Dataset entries
☆ ☆ ☆ ☆ ☆

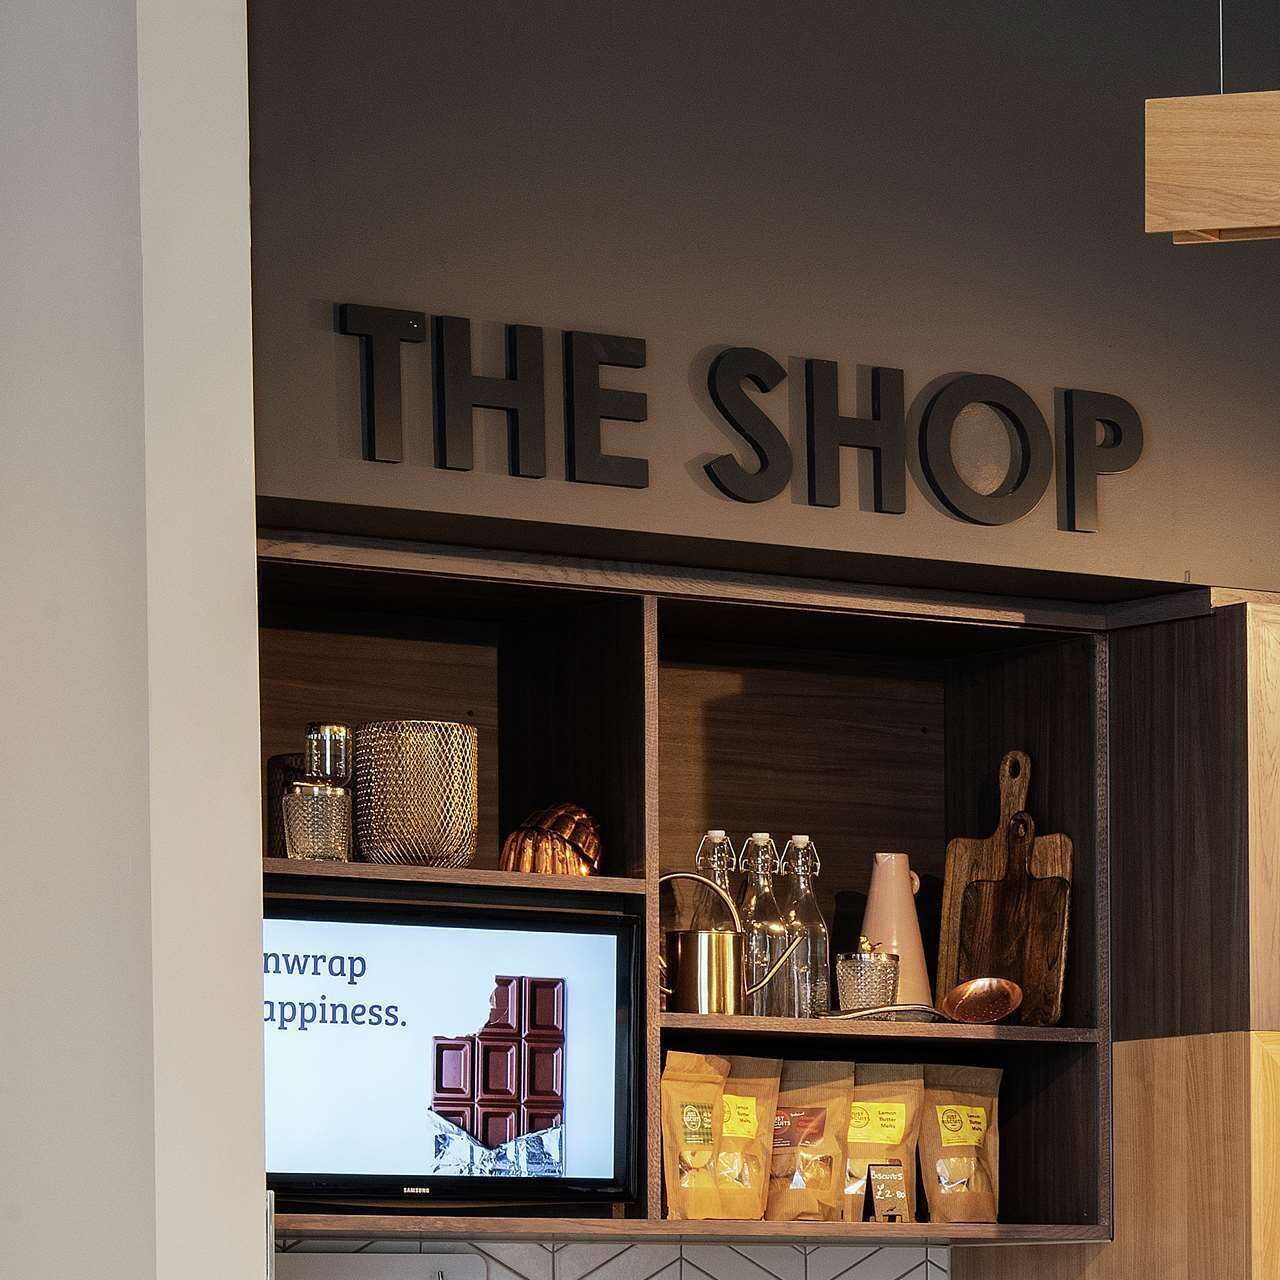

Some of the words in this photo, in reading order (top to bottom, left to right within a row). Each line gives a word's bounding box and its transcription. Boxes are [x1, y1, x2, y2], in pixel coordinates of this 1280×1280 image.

[338, 302, 649, 489] THE
[703, 347, 1144, 533] SHOP
[263, 952, 366, 985] nwrap
[403, 1187, 431, 1195] SAMSUNG
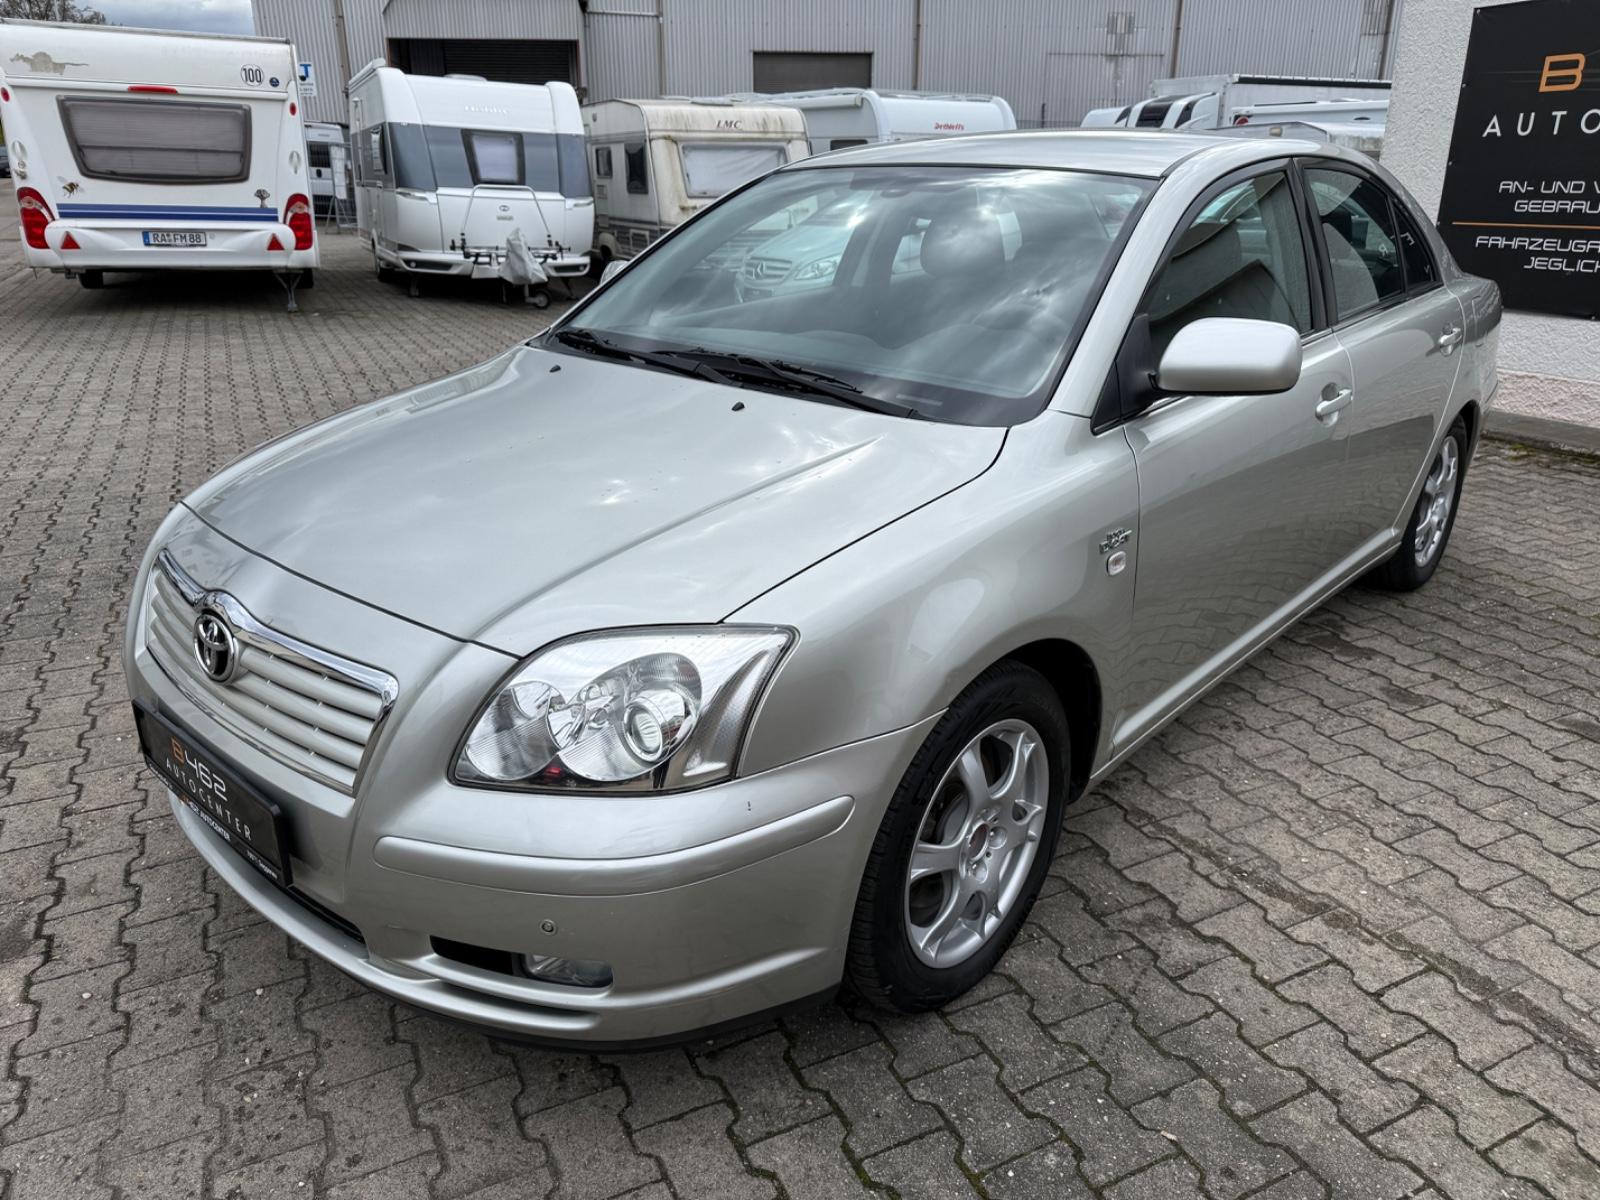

☆ ☆ ☆ ☆ ☆

§ **Exercise instructions**: Set the records down again exactly, with no pictures.

§ **Your response**:
Some of the words in this photo, in reading order (top to bottom, left to right within a row). Each line gives a word's bounding box and its transcription. Boxes are [x1, y1, x2, y2], in pixel coordinates of this 1280×1280 image.

[338, 302, 649, 489] THE
[703, 347, 1144, 533] SHOP
[263, 952, 366, 985] nwrap
[403, 1187, 431, 1195] SAMSUNG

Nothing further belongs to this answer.